Im Verhältnis des betroffenen Ehegatten zum Ehestörer beschränkt sich der Rechtsschutz von vornherein auf das Deliktsrecht. Konsequenterweise verneint der BGH auch gegenüber dem Dritten einen Unterlassungsanspruch im Hinblick auf ein absolutes Recht am „ungestörten Fortbestand der ehelichen Lebensgemeinschaft“[19] sowie im Hinblick auf Gesundheits- und andere durch ehestörendes Verhalten eingetretene Rechtsgutsverletzungen.[20] Würde gegen den Drittstörer zwangsweise vorgegangen, so der BGH,[21] müsste dies auf den anderen Ehepartner jedenfalls mittelbar Druck ausüben, der sich mit den eherechtlichen Vorschriften (§ 1353 Abs. 1 S. 2; § 120 Abs. 3 FamFG) nicht vereinbaren ließe.
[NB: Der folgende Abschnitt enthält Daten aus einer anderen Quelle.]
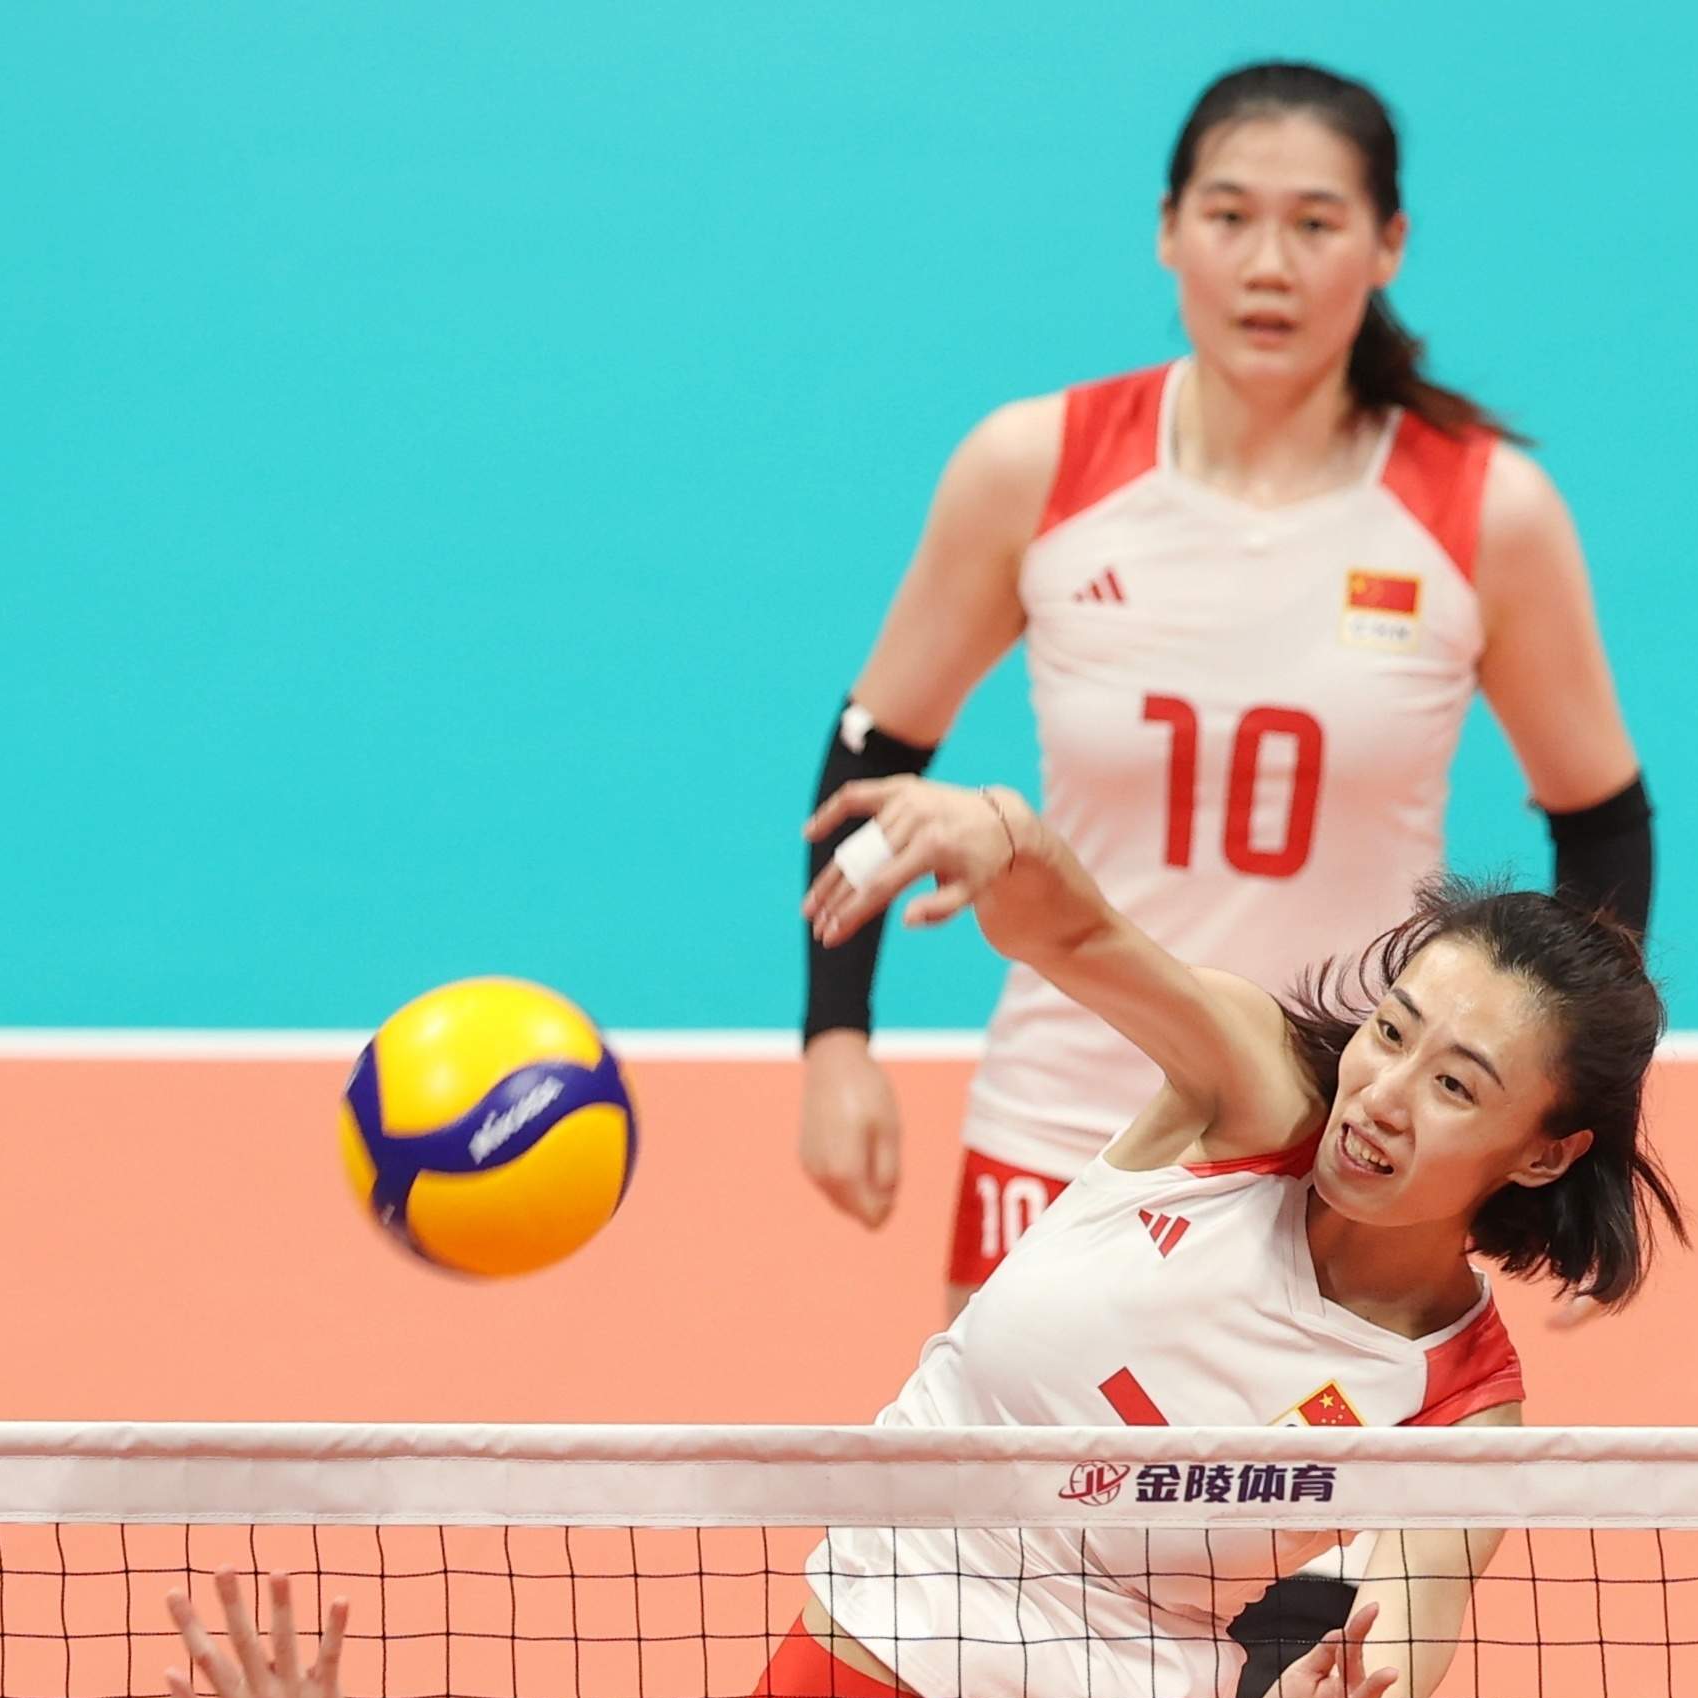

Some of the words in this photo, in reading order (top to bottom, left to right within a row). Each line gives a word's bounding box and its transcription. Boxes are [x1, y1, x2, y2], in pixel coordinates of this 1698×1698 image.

[1141, 694, 1325, 879] 10
[975, 1174, 1049, 1260] 10
[1135, 1463, 1337, 1503] 金陵体育
So verbleibt es gegenüber dem mitwirkenden Drittstörer nach der Rechtsprechung ebenfalls bei einem Unterlassungs- und Beseitigungsanspruch allein wegen der Beeinträchtigung des absolut geschützten Rechts am räumlich-gegenständlichen Ehebereich (§ 1004 Abs. 1 analog, § 890 ZPO).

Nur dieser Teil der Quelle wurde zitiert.